Saved data entries:
------------------------------

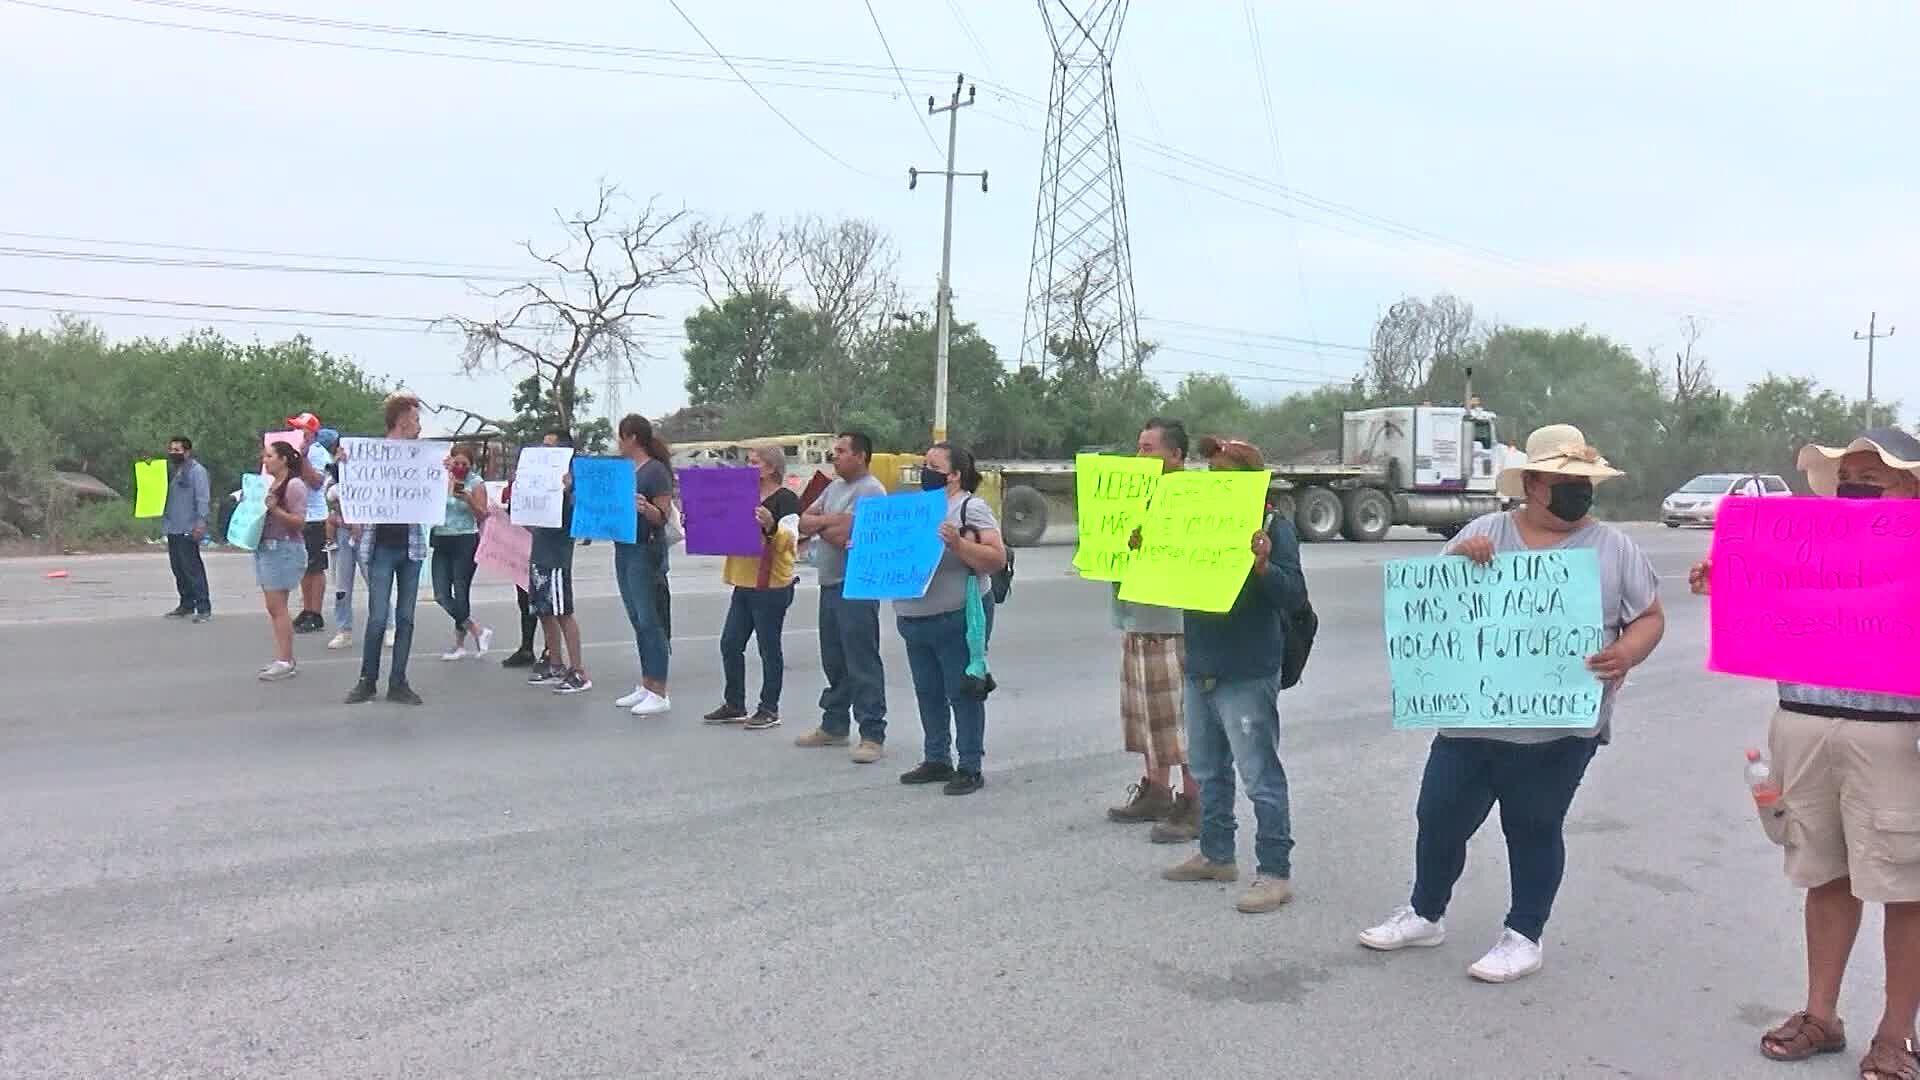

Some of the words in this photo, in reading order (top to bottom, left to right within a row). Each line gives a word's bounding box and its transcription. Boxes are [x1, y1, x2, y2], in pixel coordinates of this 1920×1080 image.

[1772, 513, 1851, 564] agua
[1513, 552, 1569, 584] DIAS
[1404, 596, 1448, 623] MAS
[1457, 590, 1491, 623] SIN
[1503, 587, 1566, 619] AGUA
[1390, 628, 1465, 662] HOGAR
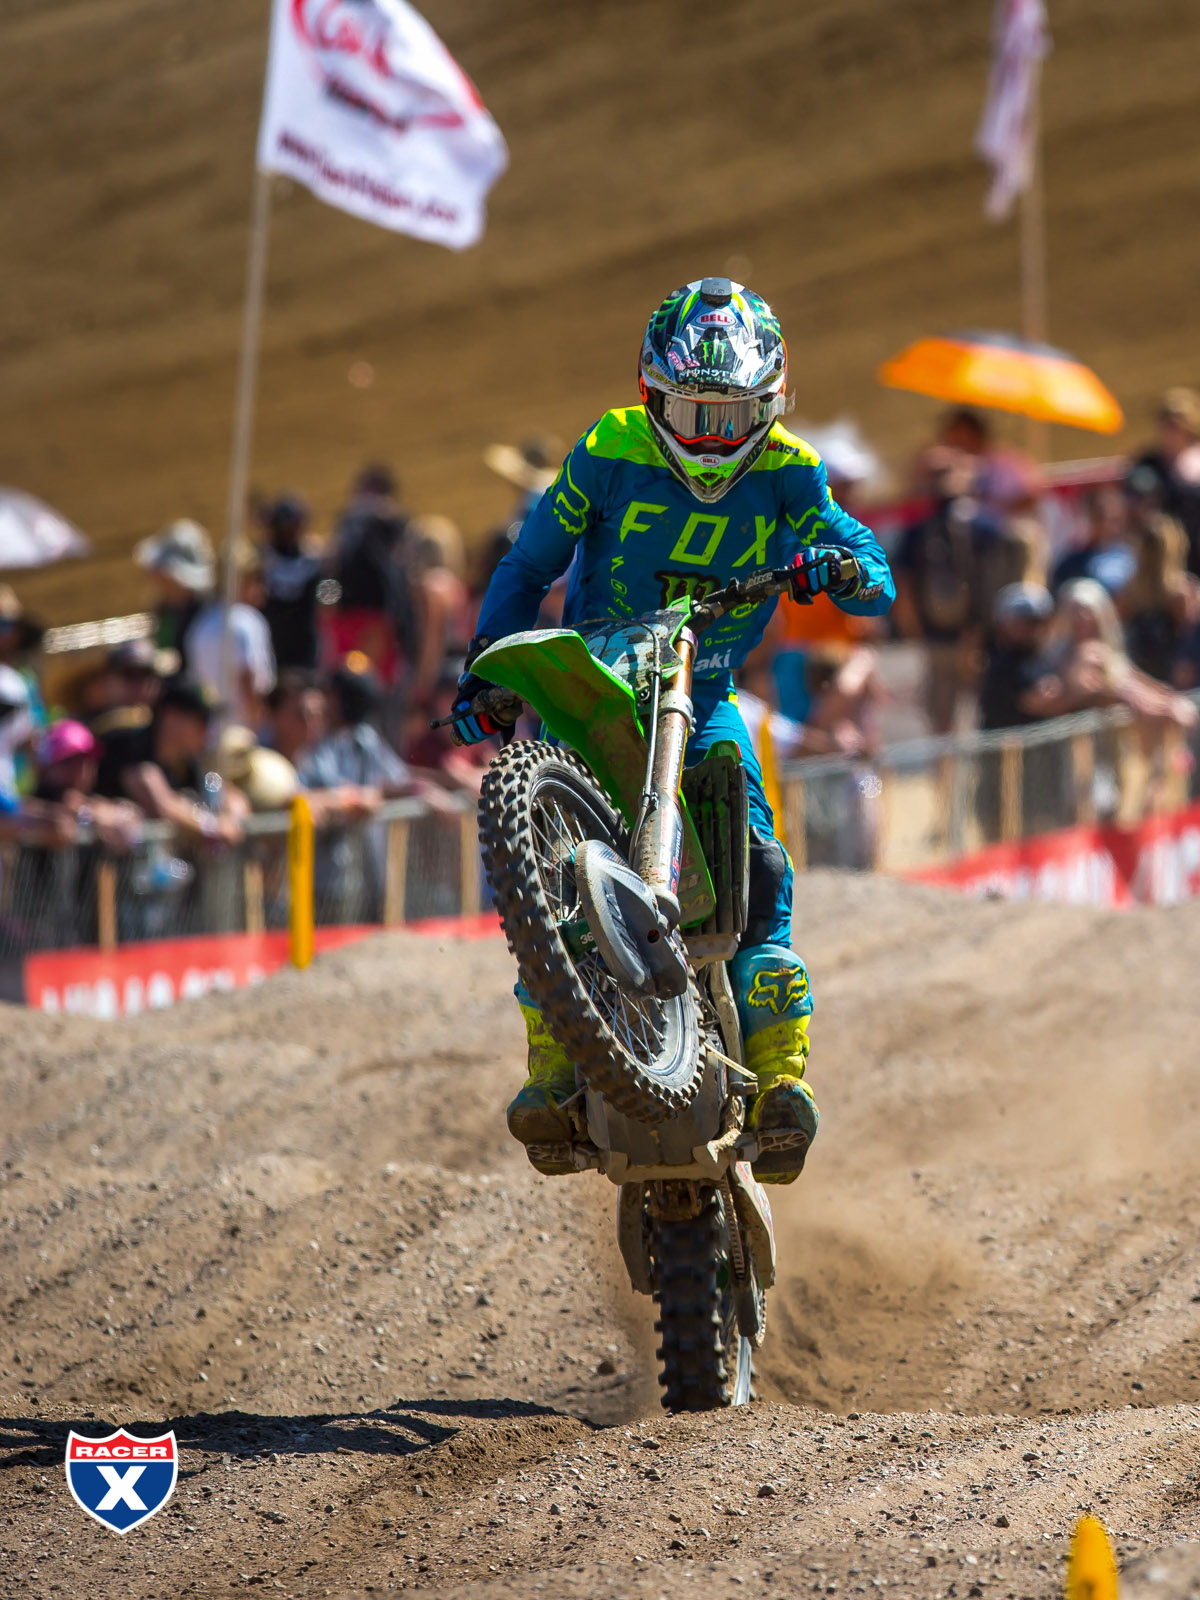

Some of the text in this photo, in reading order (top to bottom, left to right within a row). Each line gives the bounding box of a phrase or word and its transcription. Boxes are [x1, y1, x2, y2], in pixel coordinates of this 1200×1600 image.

[700, 314, 730, 324] BELL
[678, 368, 744, 379] MONST
[620, 501, 776, 567] FOX
[693, 648, 732, 672] aki
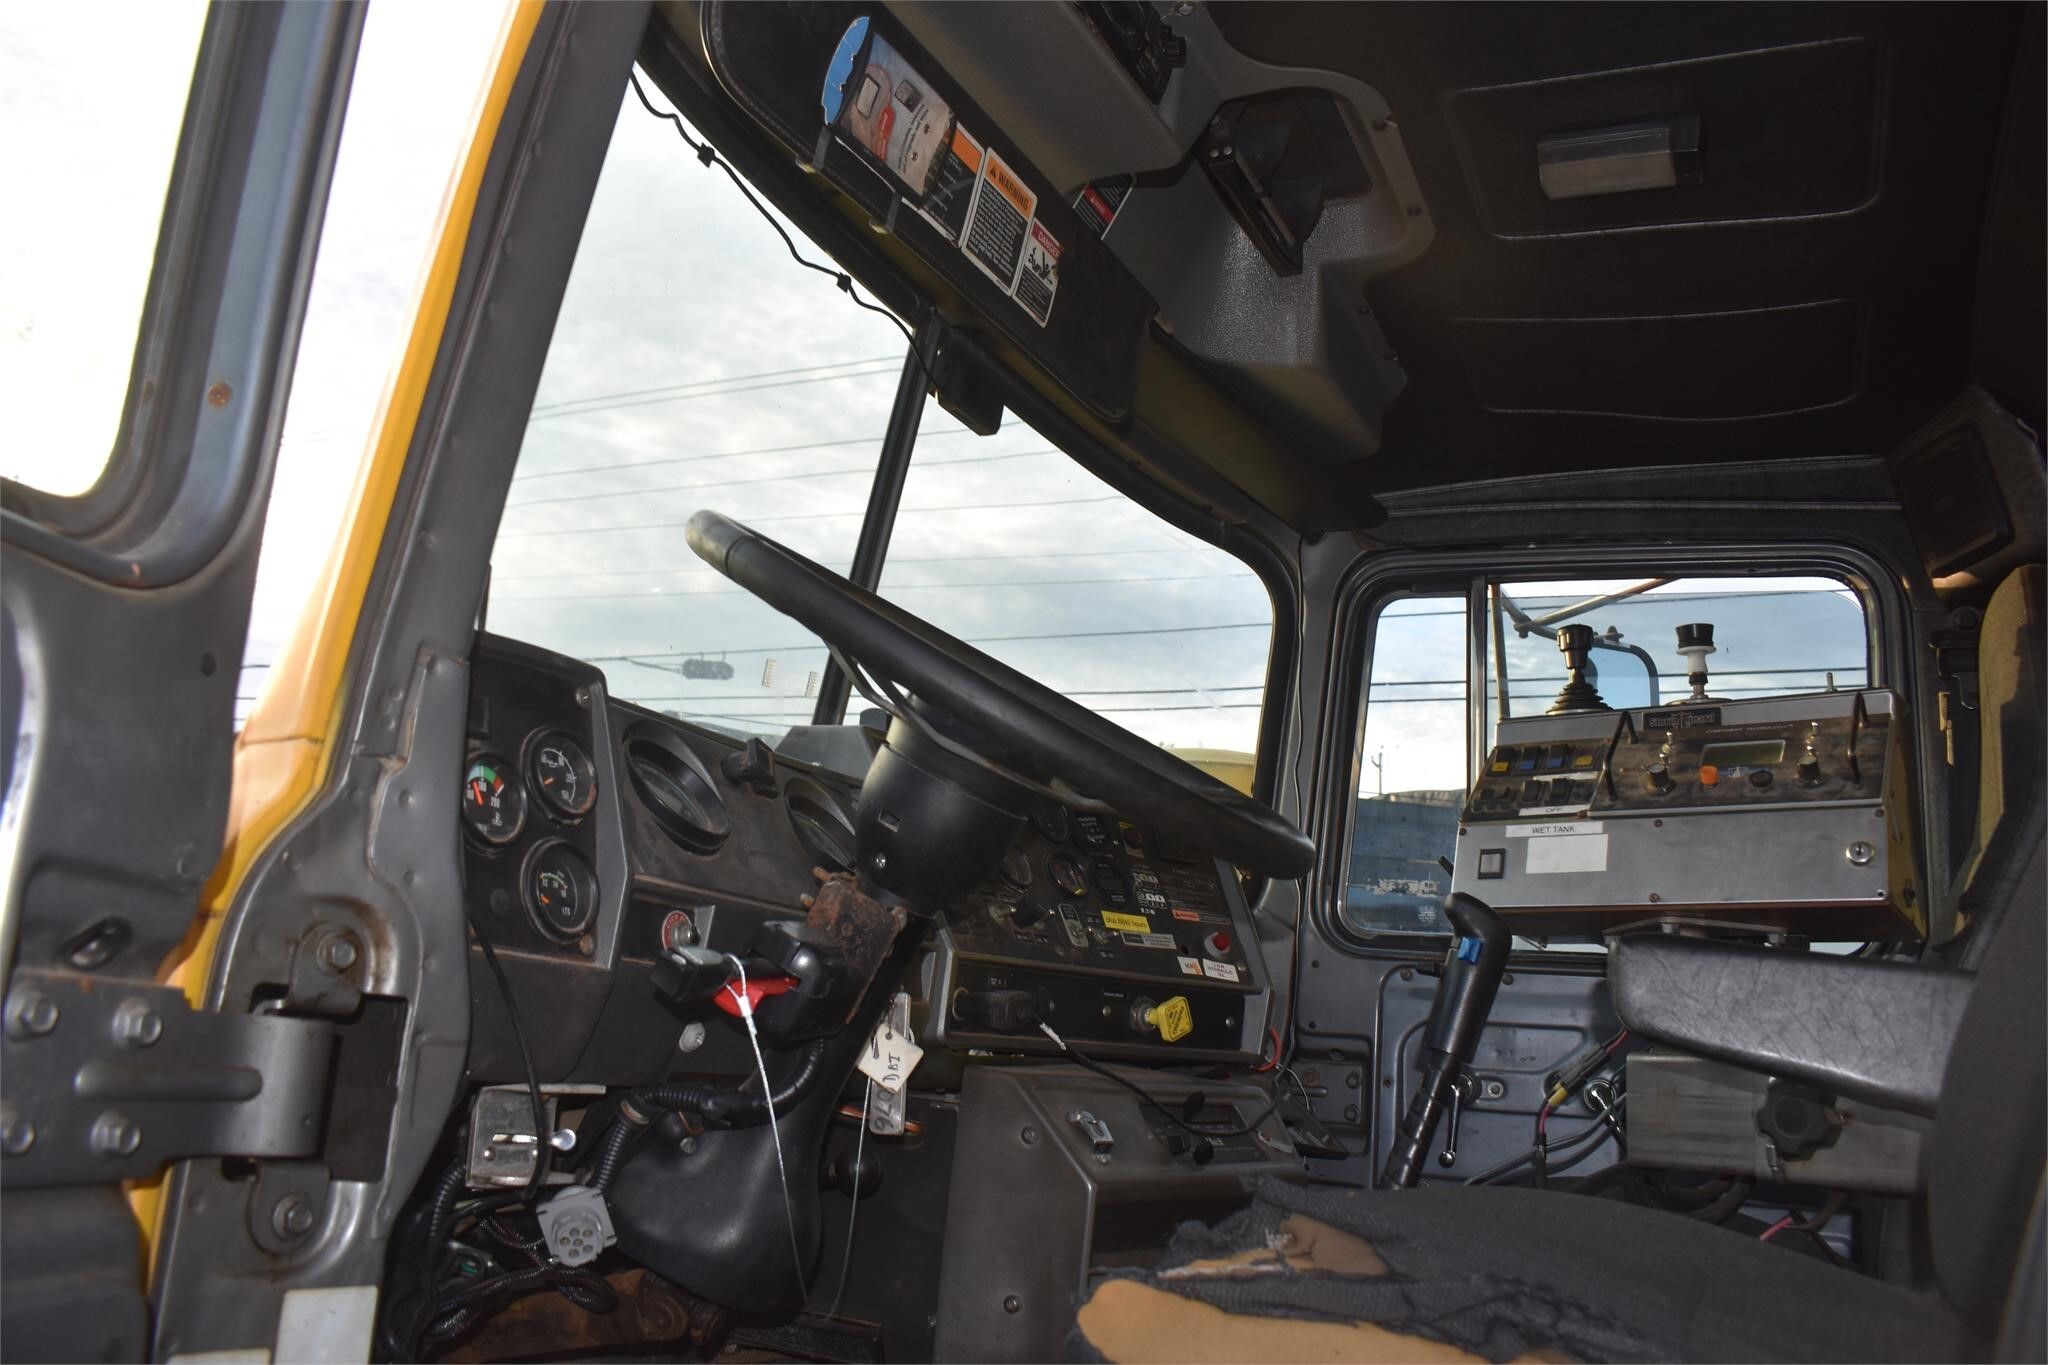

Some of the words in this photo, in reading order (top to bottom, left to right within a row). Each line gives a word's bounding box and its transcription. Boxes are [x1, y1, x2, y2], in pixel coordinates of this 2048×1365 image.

[996, 173, 1031, 212] WARNING
[1531, 826, 1551, 835] WET
[1553, 825, 1576, 834] TANK
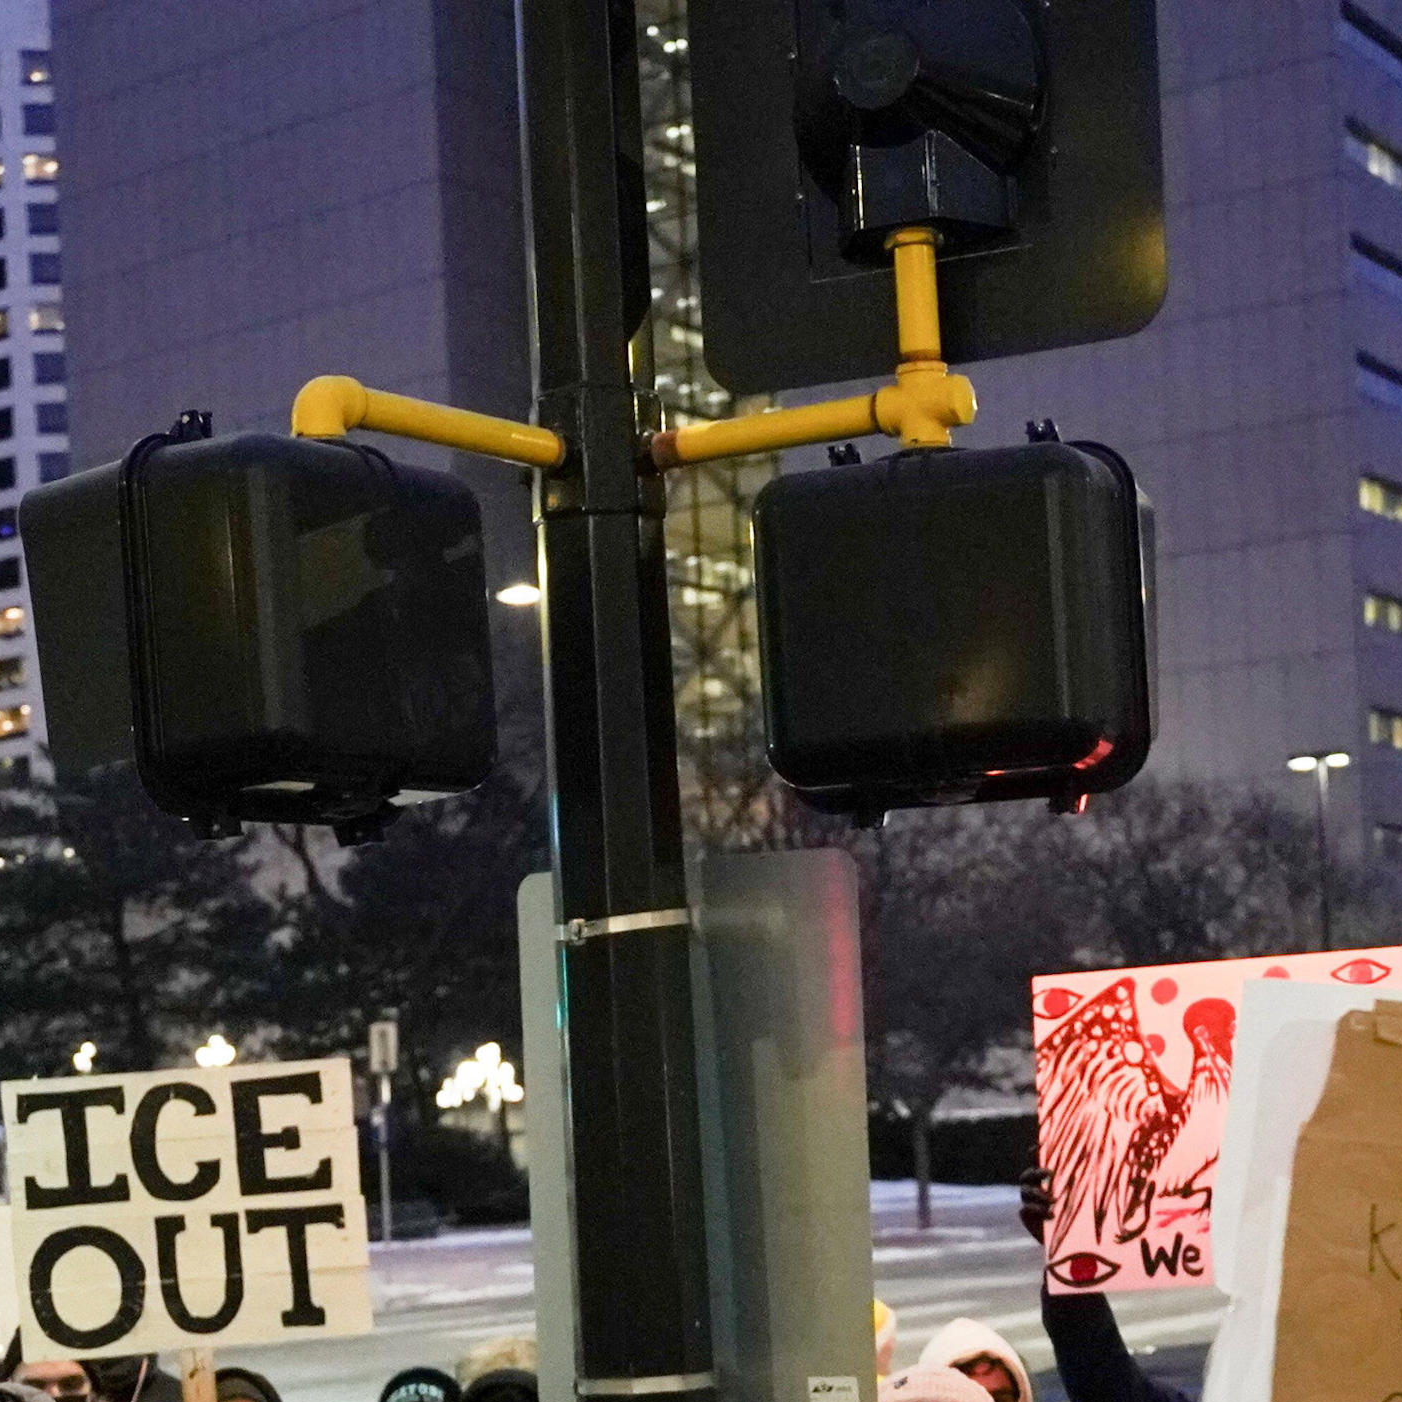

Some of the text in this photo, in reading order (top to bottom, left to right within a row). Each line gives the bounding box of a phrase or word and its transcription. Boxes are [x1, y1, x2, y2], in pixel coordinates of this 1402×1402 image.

[17, 1071, 333, 1210] ICE
[29, 1203, 346, 1349] OUT
[1139, 1233, 1204, 1278] We

------------------------------

WHAT IS REQUIRED: Return every record exactly. Pictures stay out.

EXERCISE ANSWER:
Some of the words in this photo, in reading order (top to bottom, left to right within a row). Each line gives a word's bounding box and its transcription. Boxes are [x1, y1, x2, y2], in pixel coordinates of this 1920×1080 image.

[1772, 513, 1851, 564] agua
[1513, 552, 1569, 584] DIAS
[1404, 596, 1448, 623] MAS
[1457, 590, 1491, 623] SIN
[1503, 587, 1566, 619] AGUA
[1390, 628, 1465, 662] HOGAR

Some of the text in this photo, in reading order (top to bottom, left to right within a row). Each line gives the bounding box of a phrase or word and its transcription. Boxes are [x1, y1, x2, y2], in pixel coordinates of this 1200×1600 image.

[700, 314, 730, 324] BELL
[678, 368, 744, 379] MONST
[620, 501, 776, 567] FOX
[693, 648, 732, 672] aki

Some of the words in this photo, in reading order (top to bottom, left to right within a row). Each line gives a word's bounding box and its transcription. Boxes are [x1, y1, x2, y2], in pixel coordinates of this 2048×1365 image.

[996, 173, 1031, 212] WARNING
[1531, 826, 1551, 835] WET
[1553, 825, 1576, 834] TANK

Some of the text in this photo, in reading order (top to bottom, left to right within a row). Each line gives the bounding box of a phrase or word and its transcription. Boxes are [x1, y1, x2, y2], in pixel coordinates of this 1402×1402 image.

[17, 1071, 333, 1210] ICE
[29, 1203, 346, 1349] OUT
[1139, 1233, 1204, 1278] We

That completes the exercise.